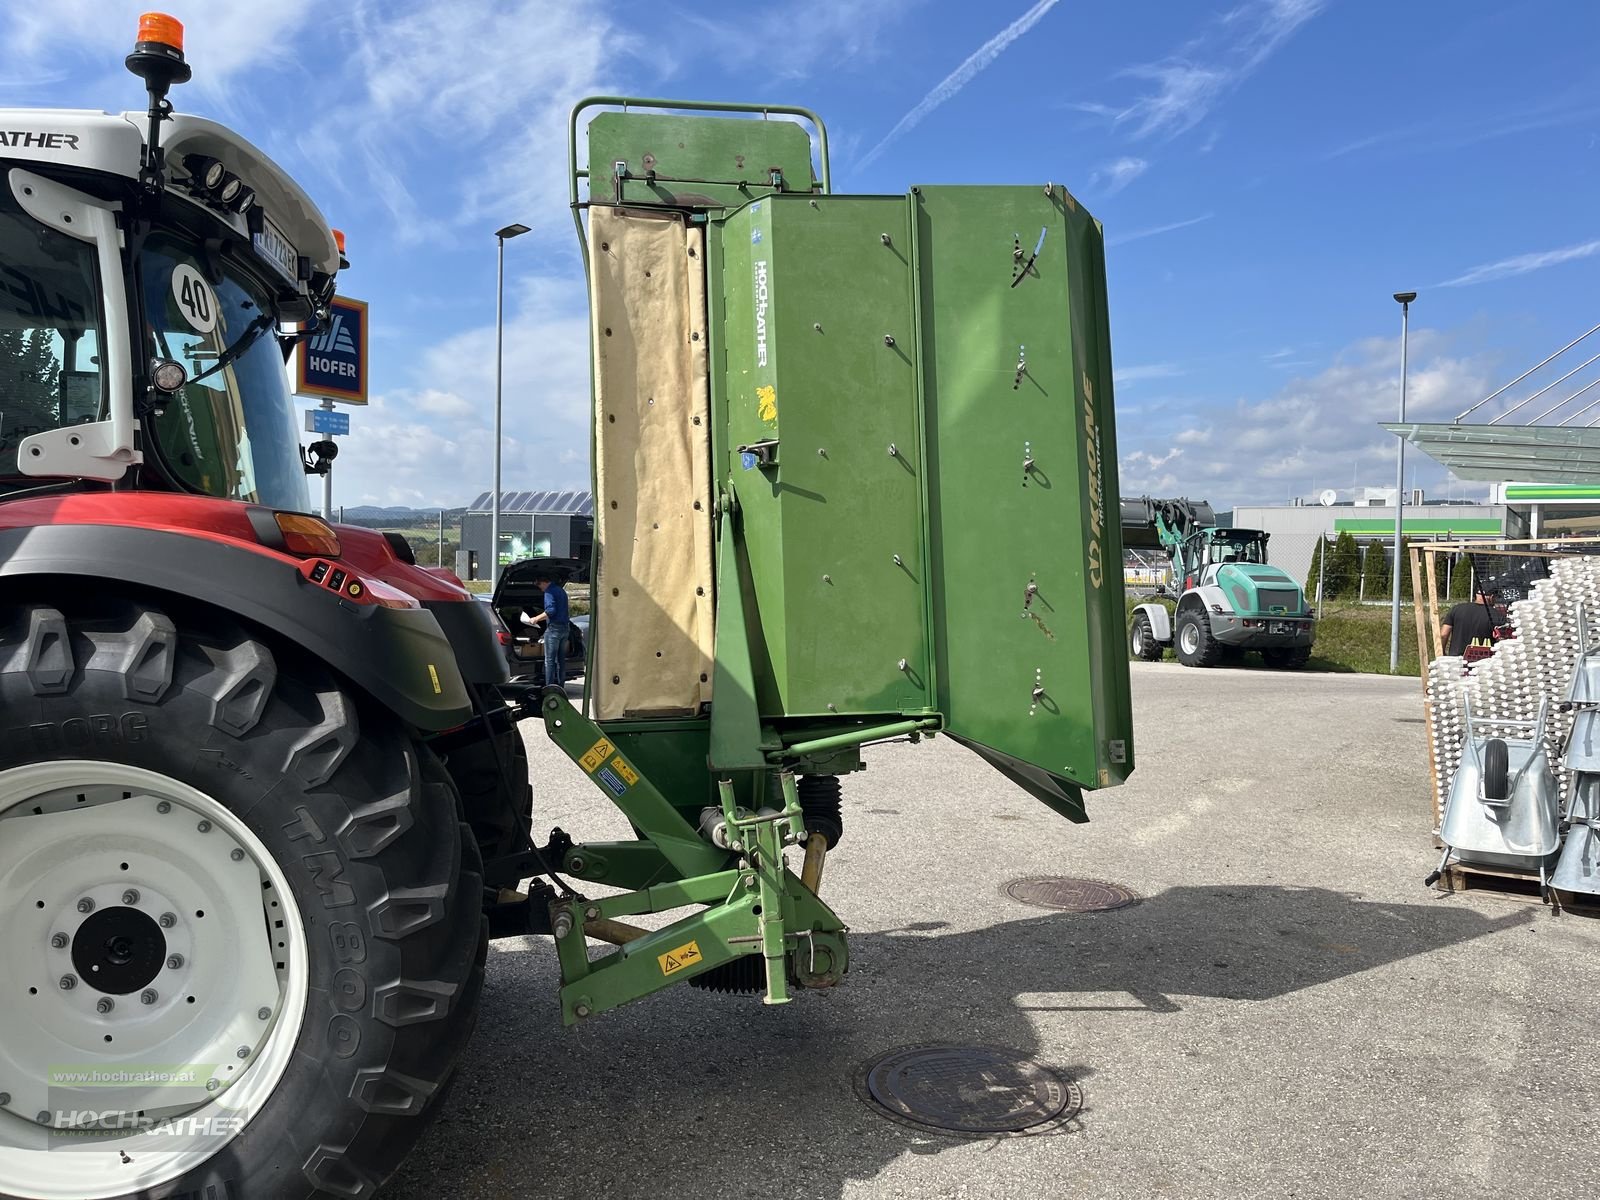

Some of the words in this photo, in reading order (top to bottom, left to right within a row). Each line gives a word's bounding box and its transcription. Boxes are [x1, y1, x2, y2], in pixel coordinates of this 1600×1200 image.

[180, 274, 212, 322] 40
[756, 261, 768, 367] HOCHRATHER
[309, 354, 357, 378] HOFER
[1082, 371, 1101, 539] KRONE
[326, 920, 369, 1060] 800
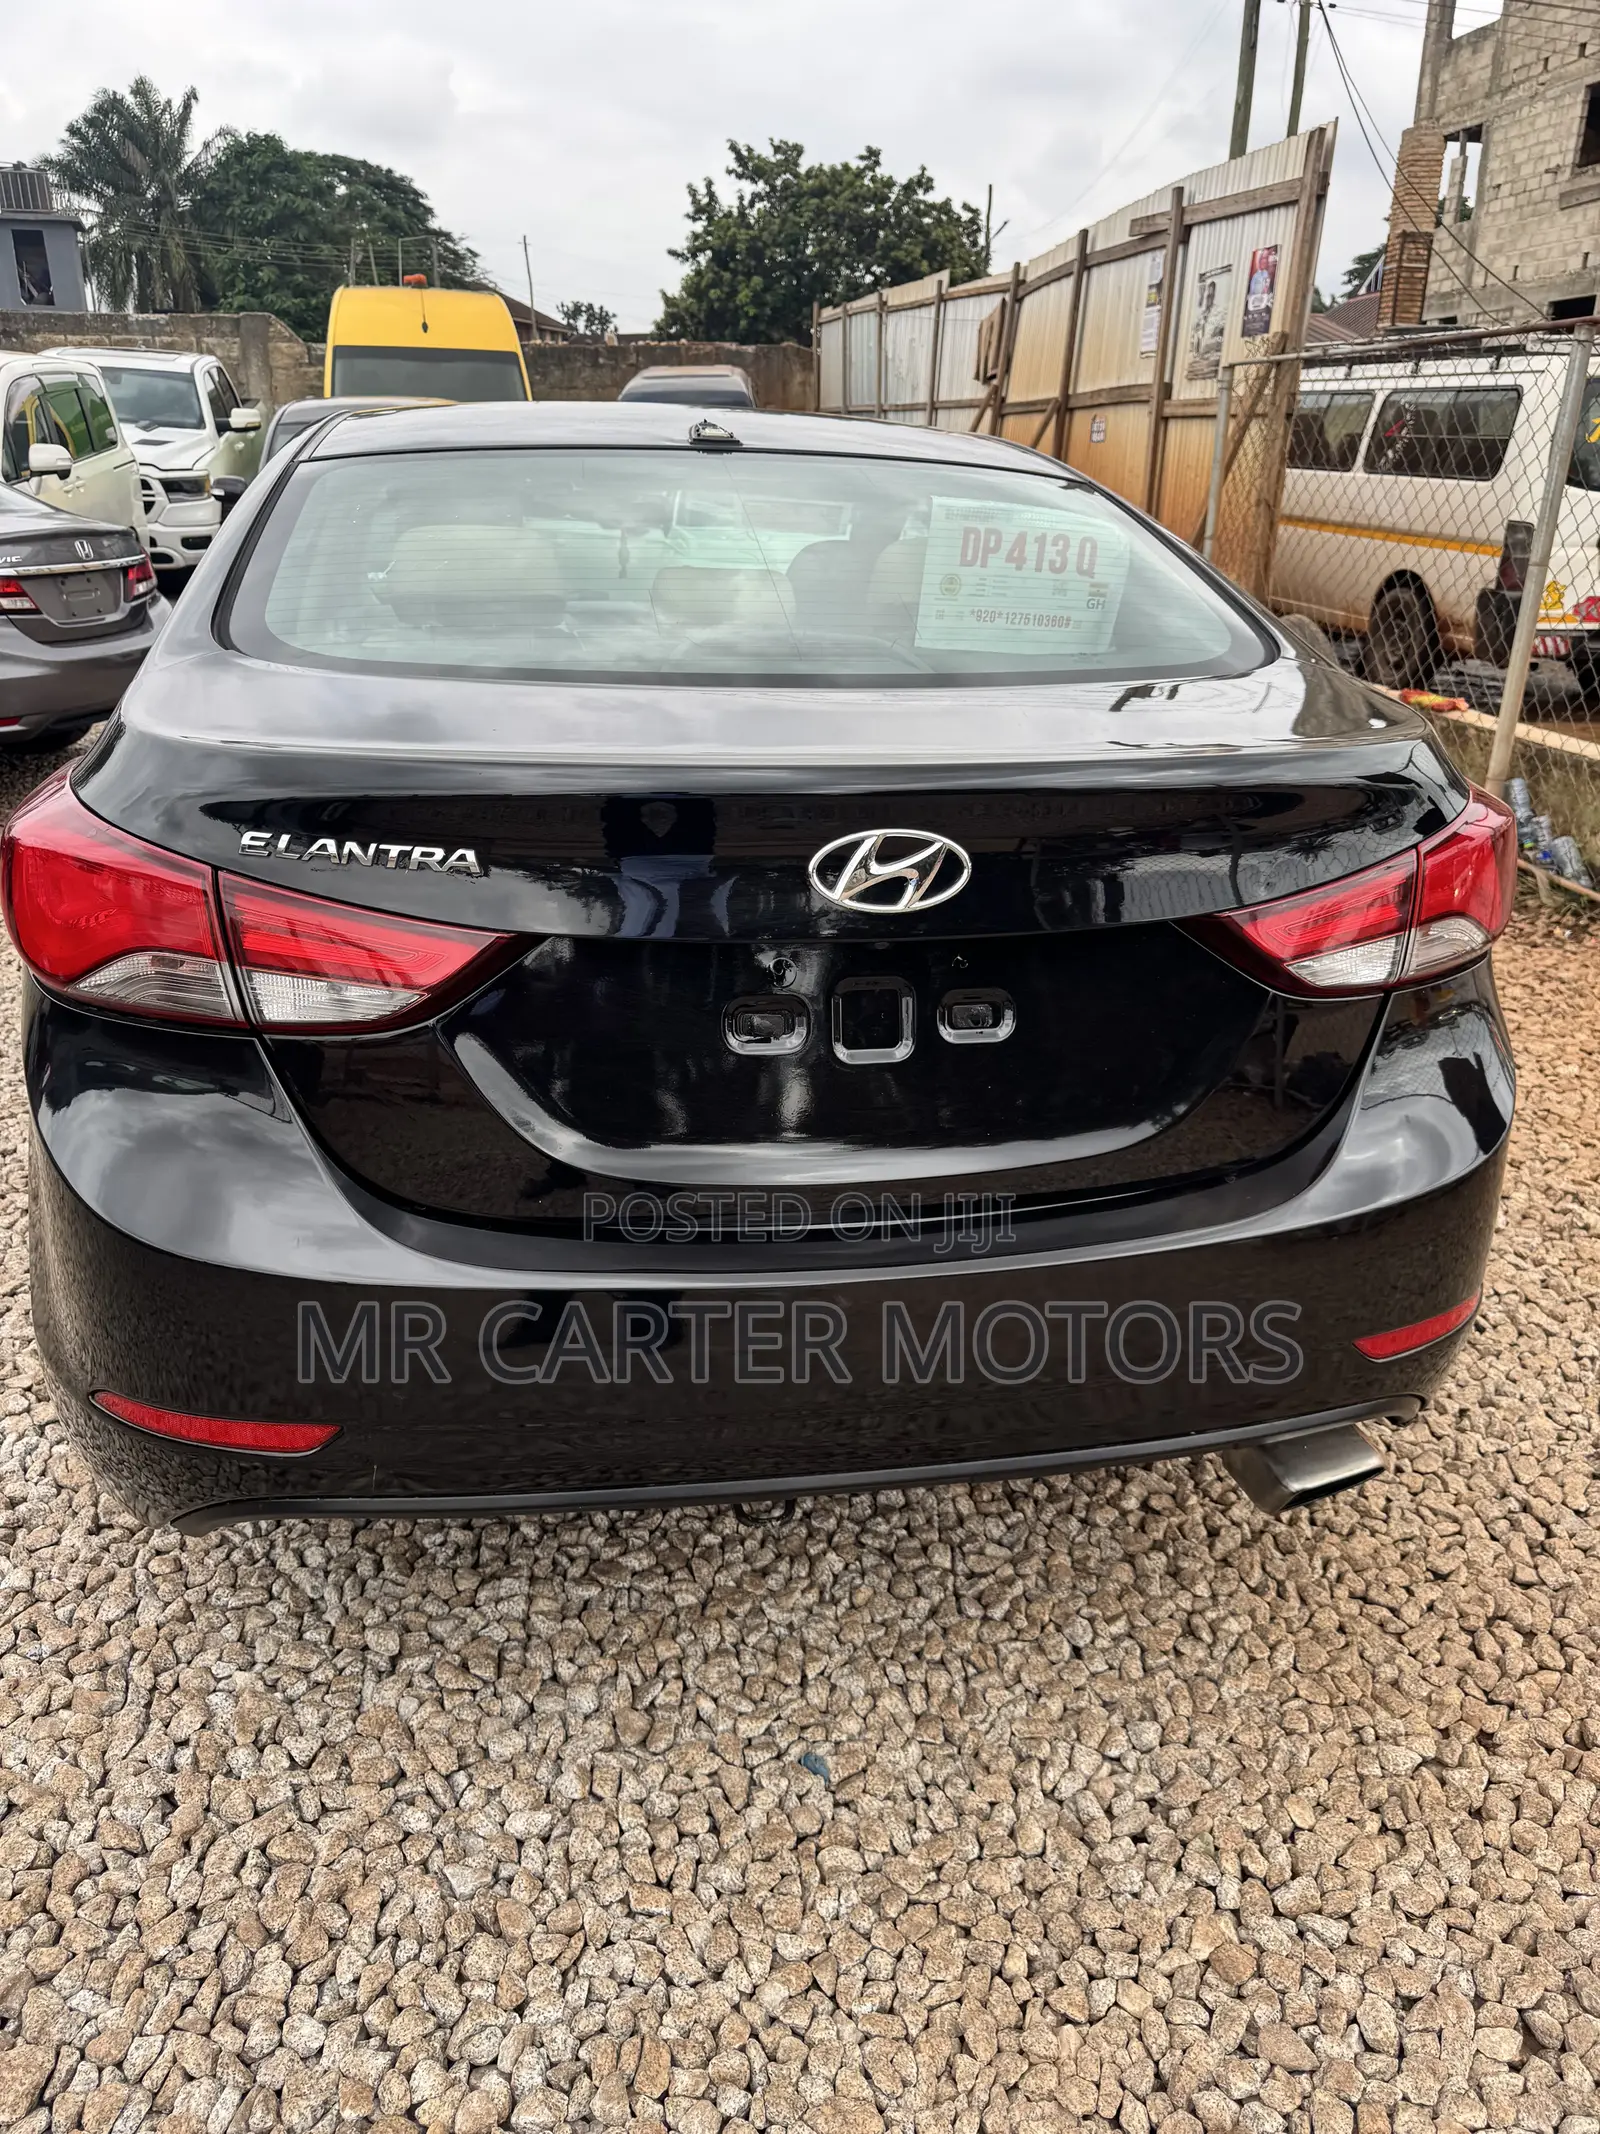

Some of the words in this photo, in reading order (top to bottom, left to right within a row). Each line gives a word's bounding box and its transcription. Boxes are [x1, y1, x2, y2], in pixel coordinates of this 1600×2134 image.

[959, 526, 1003, 569] DP
[1004, 530, 1071, 575] 413
[1075, 536, 1099, 579] Q
[1086, 598, 1106, 611] GH
[238, 831, 482, 875] ELANTRA
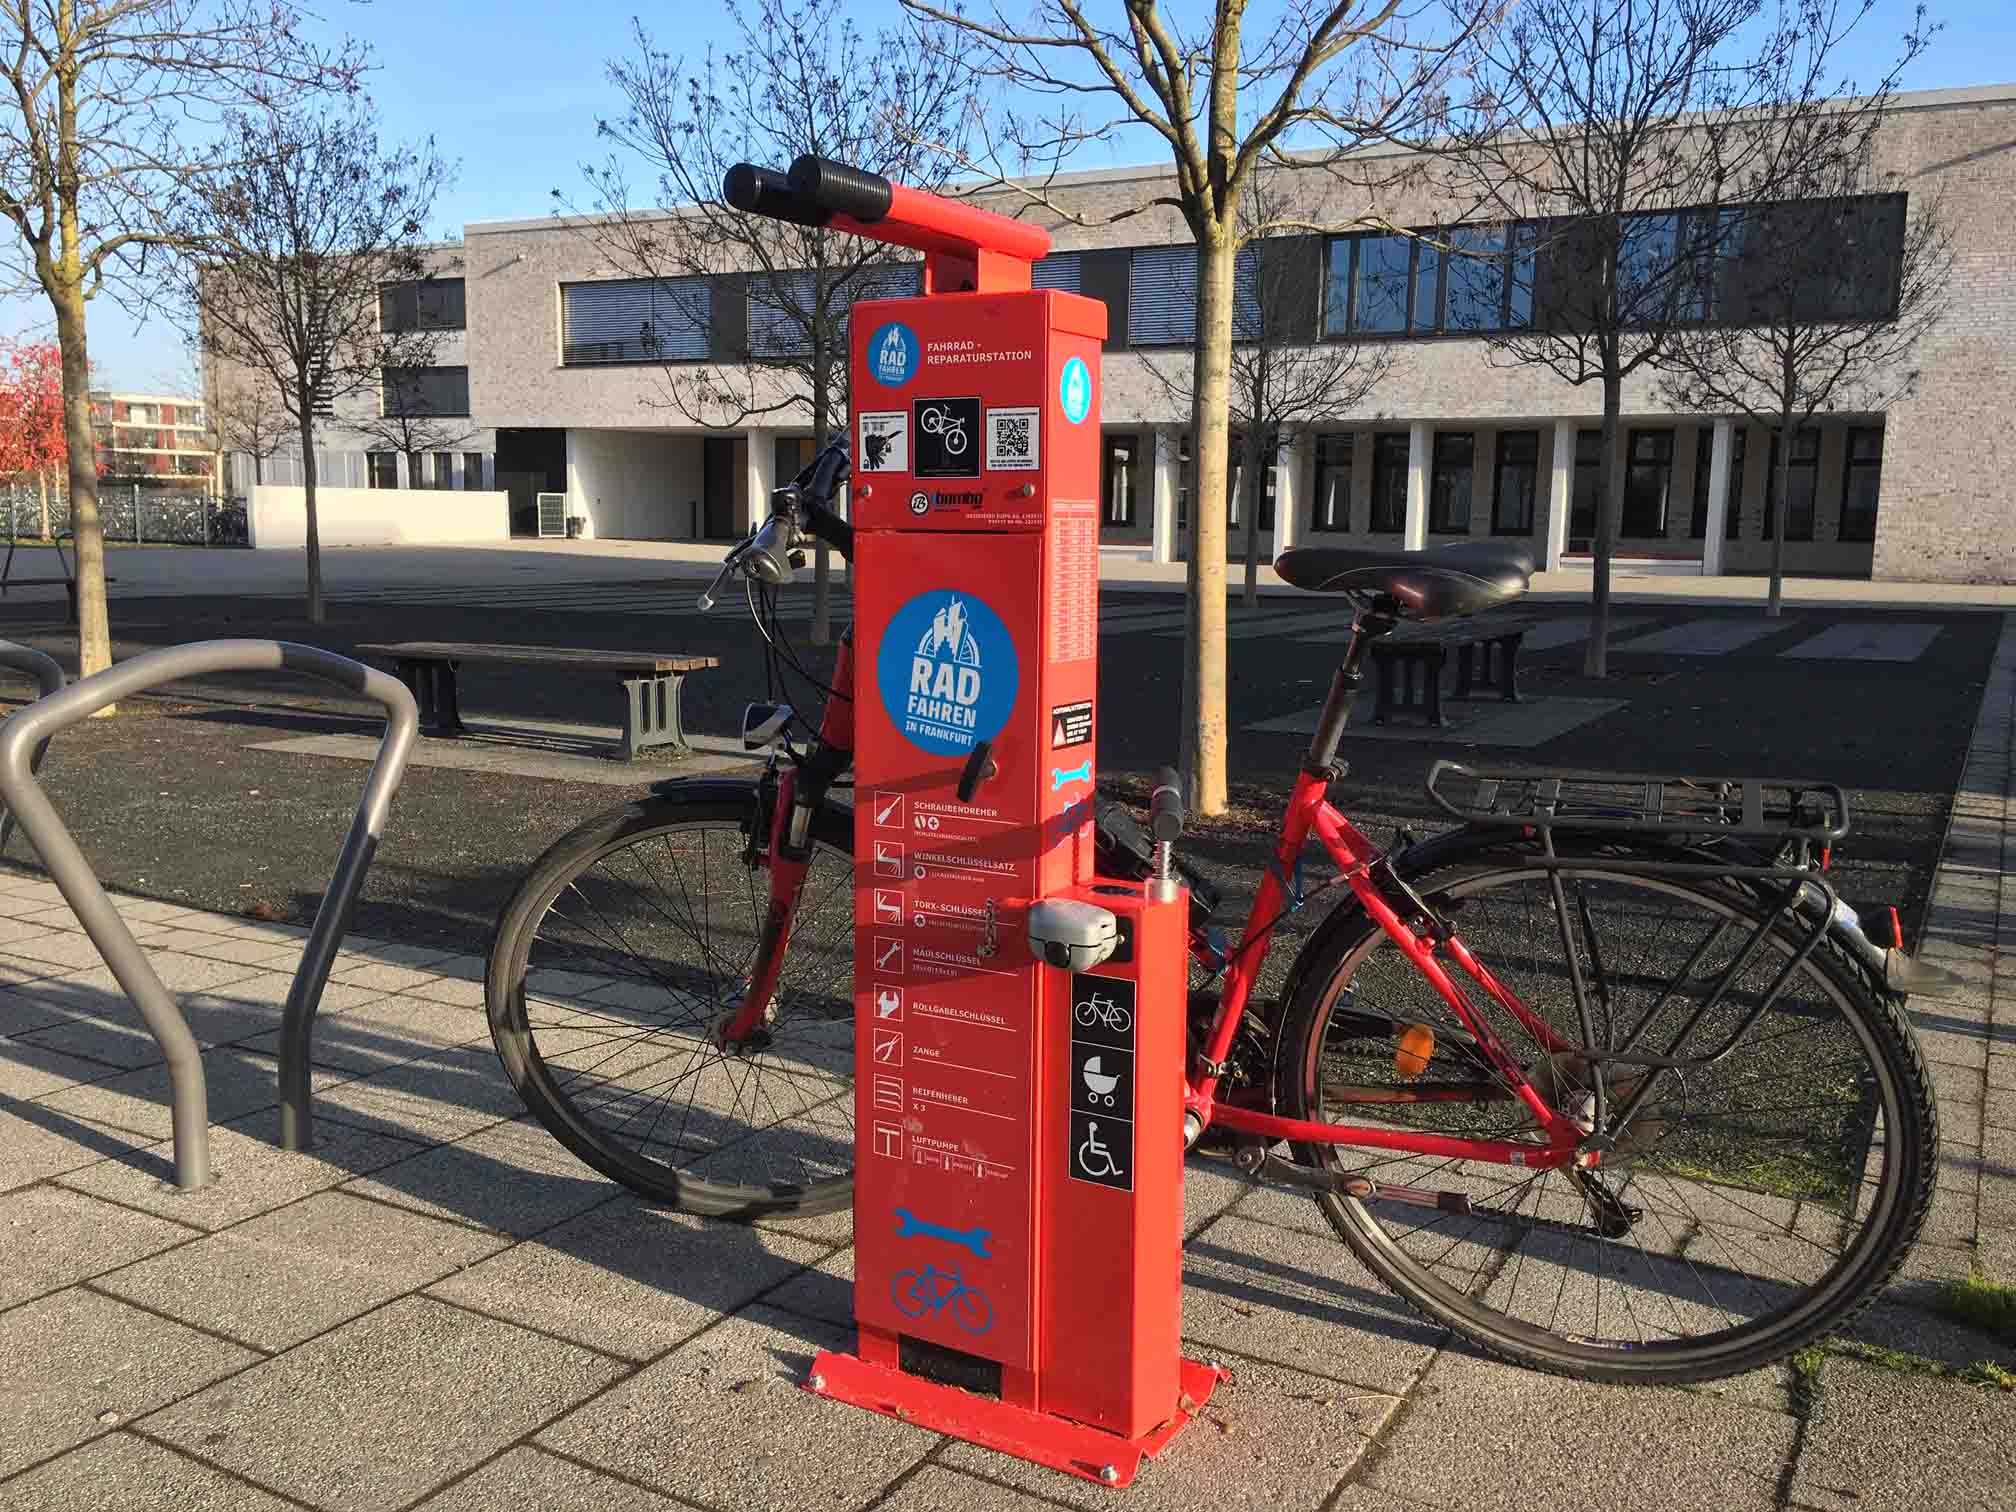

**TASK TO CARRY OUT**
Every line of the records above should be copied exactly, while the pictures are left behind.

**RESULT OF THIS TASK**
Some of the words in this photo, in reading order (top to bottom, left to right within a row). Each line gives a word's bounding box and its transcription. Boxes are [x1, y1, x2, y2], in pixel coordinates of this 1600×1200 image.

[180, 274, 212, 322] 40
[756, 261, 768, 367] HOCHRATHER
[309, 354, 357, 378] HOFER
[1082, 371, 1101, 539] KRONE
[326, 920, 369, 1060] 800

Some of the words in this photo, in reading order (top to bottom, left to right within a row). Each line gives a word's bounding box and its transcription. Boxes are [x1, y1, x2, y2], in pixel coordinates of this 1600×2134 image.

[959, 526, 1003, 569] DP
[1004, 530, 1071, 575] 413
[1075, 536, 1099, 579] Q
[1086, 598, 1106, 611] GH
[238, 831, 482, 875] ELANTRA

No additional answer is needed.